WHAT NEEDS TO BE DONE
What's needed is a full, exact retyping of the records.

Top of INFORMATION GIVEN

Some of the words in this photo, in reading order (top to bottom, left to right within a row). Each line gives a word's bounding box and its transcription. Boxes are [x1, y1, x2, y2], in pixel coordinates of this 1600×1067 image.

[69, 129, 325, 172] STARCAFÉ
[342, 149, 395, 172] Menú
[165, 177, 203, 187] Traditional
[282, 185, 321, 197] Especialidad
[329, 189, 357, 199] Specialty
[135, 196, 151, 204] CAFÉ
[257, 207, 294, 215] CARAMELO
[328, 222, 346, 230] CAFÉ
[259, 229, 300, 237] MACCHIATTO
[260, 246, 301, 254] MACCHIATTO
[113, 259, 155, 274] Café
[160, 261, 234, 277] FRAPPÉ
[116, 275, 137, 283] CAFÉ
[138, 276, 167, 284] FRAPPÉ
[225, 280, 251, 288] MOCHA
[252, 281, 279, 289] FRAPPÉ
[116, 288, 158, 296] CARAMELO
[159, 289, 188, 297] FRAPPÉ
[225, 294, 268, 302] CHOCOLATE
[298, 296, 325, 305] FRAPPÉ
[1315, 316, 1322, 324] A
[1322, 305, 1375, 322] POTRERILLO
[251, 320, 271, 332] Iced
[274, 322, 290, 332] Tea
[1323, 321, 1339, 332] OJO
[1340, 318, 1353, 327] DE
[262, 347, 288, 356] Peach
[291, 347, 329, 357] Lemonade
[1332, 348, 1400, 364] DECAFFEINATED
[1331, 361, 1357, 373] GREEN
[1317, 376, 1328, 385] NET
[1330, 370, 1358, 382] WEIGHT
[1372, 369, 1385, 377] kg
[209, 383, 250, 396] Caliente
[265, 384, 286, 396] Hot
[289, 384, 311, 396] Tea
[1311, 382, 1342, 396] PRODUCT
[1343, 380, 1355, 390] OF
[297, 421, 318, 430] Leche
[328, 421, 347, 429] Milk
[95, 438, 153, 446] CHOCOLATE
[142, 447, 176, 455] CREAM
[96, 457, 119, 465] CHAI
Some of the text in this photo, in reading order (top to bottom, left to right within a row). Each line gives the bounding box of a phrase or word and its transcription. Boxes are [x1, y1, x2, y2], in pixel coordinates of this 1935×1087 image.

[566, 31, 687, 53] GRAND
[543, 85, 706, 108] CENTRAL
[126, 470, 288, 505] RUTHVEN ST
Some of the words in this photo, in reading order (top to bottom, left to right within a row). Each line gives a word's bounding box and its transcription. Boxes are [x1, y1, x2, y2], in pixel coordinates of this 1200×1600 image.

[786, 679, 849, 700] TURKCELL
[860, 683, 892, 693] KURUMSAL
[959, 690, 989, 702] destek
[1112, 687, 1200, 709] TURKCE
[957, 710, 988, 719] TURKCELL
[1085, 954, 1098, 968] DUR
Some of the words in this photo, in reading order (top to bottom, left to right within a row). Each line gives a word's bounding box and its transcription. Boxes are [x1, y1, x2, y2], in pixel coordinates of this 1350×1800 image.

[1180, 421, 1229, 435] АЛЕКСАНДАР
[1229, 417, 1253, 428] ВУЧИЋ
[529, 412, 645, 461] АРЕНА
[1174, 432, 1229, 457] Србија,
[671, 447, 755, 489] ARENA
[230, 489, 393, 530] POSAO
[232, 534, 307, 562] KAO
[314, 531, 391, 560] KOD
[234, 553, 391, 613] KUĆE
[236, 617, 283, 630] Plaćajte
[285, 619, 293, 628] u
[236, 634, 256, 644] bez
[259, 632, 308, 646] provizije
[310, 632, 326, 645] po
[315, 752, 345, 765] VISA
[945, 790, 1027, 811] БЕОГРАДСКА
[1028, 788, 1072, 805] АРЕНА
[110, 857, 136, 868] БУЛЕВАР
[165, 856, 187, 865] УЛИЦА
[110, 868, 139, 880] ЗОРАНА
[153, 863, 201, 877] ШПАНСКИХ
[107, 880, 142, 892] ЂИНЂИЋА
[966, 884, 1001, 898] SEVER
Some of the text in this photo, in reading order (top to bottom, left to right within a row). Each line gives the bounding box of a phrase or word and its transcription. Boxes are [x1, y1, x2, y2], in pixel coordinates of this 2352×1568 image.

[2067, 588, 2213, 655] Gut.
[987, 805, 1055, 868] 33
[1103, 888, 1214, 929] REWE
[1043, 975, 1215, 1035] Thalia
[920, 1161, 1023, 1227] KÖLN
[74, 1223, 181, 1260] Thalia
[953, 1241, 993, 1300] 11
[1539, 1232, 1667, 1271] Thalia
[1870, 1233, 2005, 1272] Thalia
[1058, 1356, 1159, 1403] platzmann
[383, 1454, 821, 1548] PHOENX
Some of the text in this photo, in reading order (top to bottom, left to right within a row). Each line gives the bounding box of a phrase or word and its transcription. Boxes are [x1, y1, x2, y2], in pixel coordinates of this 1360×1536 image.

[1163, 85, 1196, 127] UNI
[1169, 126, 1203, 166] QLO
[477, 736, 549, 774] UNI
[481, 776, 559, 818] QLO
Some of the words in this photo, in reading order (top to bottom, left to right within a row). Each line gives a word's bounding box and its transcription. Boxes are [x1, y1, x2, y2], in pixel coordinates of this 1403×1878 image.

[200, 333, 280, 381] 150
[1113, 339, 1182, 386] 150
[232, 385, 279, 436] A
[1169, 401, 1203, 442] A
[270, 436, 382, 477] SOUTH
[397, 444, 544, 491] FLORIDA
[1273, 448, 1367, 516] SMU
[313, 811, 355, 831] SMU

Bottom of INFORMATION GIVEN

EXERCISE OUTPUT
Some of the words in this photo, in reading order (top to bottom, left to right within a row). Each line gives a word's bounding box and its transcription. Boxes are [x1, y1, x2, y2], in pixel coordinates of this 1600×1067 image.

[69, 129, 325, 172] STARCAFÉ
[342, 149, 395, 172] Menú
[165, 177, 203, 187] Traditional
[282, 185, 321, 197] Especialidad
[329, 189, 357, 199] Specialty
[135, 196, 151, 204] CAFÉ
[257, 207, 294, 215] CARAMELO
[328, 222, 346, 230] CAFÉ
[259, 229, 300, 237] MACCHIATTO
[260, 246, 301, 254] MACCHIATTO
[113, 259, 155, 274] Café
[160, 261, 234, 277] FRAPPÉ
[116, 275, 137, 283] CAFÉ
[138, 276, 167, 284] FRAPPÉ
[225, 280, 251, 288] MOCHA
[252, 281, 279, 289] FRAPPÉ
[116, 288, 158, 296] CARAMELO
[159, 289, 188, 297] FRAPPÉ
[225, 294, 268, 302] CHOCOLATE
[298, 296, 325, 305] FRAPPÉ
[1315, 316, 1322, 324] A
[1322, 305, 1375, 322] POTRERILLO
[251, 320, 271, 332] Iced
[274, 322, 290, 332] Tea
[1323, 321, 1339, 332] OJO
[1340, 318, 1353, 327] DE
[262, 347, 288, 356] Peach
[291, 347, 329, 357] Lemonade
[1332, 348, 1400, 364] DECAFFEINATED
[1331, 361, 1357, 373] GREEN
[1317, 376, 1328, 385] NET
[1330, 370, 1358, 382] WEIGHT
[1372, 369, 1385, 377] kg
[209, 383, 250, 396] Caliente
[265, 384, 286, 396] Hot
[289, 384, 311, 396] Tea
[1311, 382, 1342, 396] PRODUCT
[1343, 380, 1355, 390] OF
[297, 421, 318, 430] Leche
[328, 421, 347, 429] Milk
[95, 438, 153, 446] CHOCOLATE
[142, 447, 176, 455] CREAM
[96, 457, 119, 465] CHAI
Some of the text in this photo, in reading order (top to bottom, left to right within a row). Each line gives the bounding box of a phrase or word and its transcription. Boxes are [x1, y1, x2, y2], in pixel coordinates of this 1935×1087 image.

[566, 31, 687, 53] GRAND
[543, 85, 706, 108] CENTRAL
[126, 470, 288, 505] RUTHVEN ST
Some of the words in this photo, in reading order (top to bottom, left to right within a row). Each line gives a word's bounding box and its transcription. Boxes are [x1, y1, x2, y2], in pixel coordinates of this 1200×1600 image.

[786, 679, 849, 700] TURKCELL
[860, 683, 892, 693] KURUMSAL
[959, 690, 989, 702] destek
[1112, 687, 1200, 709] TURKCE
[957, 710, 988, 719] TURKCELL
[1085, 954, 1098, 968] DUR
Some of the words in this photo, in reading order (top to bottom, left to right within a row). Each line gives a word's bounding box and its transcription. Boxes are [x1, y1, x2, y2], in pixel coordinates of this 1350×1800 image.

[1180, 421, 1229, 435] АЛЕКСАНДАР
[1229, 417, 1253, 428] ВУЧИЋ
[529, 412, 645, 461] АРЕНА
[1174, 432, 1229, 457] Србија,
[671, 447, 755, 489] ARENA
[230, 489, 393, 530] POSAO
[232, 534, 307, 562] KAO
[314, 531, 391, 560] KOD
[234, 553, 391, 613] KUĆE
[236, 617, 283, 630] Plaćajte
[285, 619, 293, 628] u
[236, 634, 256, 644] bez
[259, 632, 308, 646] provizije
[310, 632, 326, 645] po
[315, 752, 345, 765] VISA
[945, 790, 1027, 811] БЕОГРАДСКА
[1028, 788, 1072, 805] АРЕНА
[110, 857, 136, 868] БУЛЕВАР
[165, 856, 187, 865] УЛИЦА
[110, 868, 139, 880] ЗОРАНА
[153, 863, 201, 877] ШПАНСКИХ
[107, 880, 142, 892] ЂИНЂИЋА
[966, 884, 1001, 898] SEVER
Some of the text in this photo, in reading order (top to bottom, left to right within a row). Each line gives the bounding box of a phrase or word and its transcription. Boxes are [x1, y1, x2, y2], in pixel coordinates of this 2352×1568 image.

[2067, 588, 2213, 655] Gut.
[987, 805, 1055, 868] 33
[1103, 888, 1214, 929] REWE
[1043, 975, 1215, 1035] Thalia
[920, 1161, 1023, 1227] KÖLN
[74, 1223, 181, 1260] Thalia
[953, 1241, 993, 1300] 11
[1539, 1232, 1667, 1271] Thalia
[1870, 1233, 2005, 1272] Thalia
[1058, 1356, 1159, 1403] platzmann
[383, 1454, 821, 1548] PHOENX
Some of the text in this photo, in reading order (top to bottom, left to right within a row). Each line gives the bounding box of a phrase or word and its transcription. Boxes are [x1, y1, x2, y2], in pixel coordinates of this 1360×1536 image.

[1163, 85, 1196, 127] UNI
[1169, 126, 1203, 166] QLO
[477, 736, 549, 774] UNI
[481, 776, 559, 818] QLO
Some of the words in this photo, in reading order (top to bottom, left to right within a row). Each line gives a word's bounding box and its transcription. Boxes are [x1, y1, x2, y2], in pixel coordinates of this 1403×1878 image.

[200, 333, 280, 381] 150
[1113, 339, 1182, 386] 150
[232, 385, 279, 436] A
[1169, 401, 1203, 442] A
[270, 436, 382, 477] SOUTH
[397, 444, 544, 491] FLORIDA
[1273, 448, 1367, 516] SMU
[313, 811, 355, 831] SMU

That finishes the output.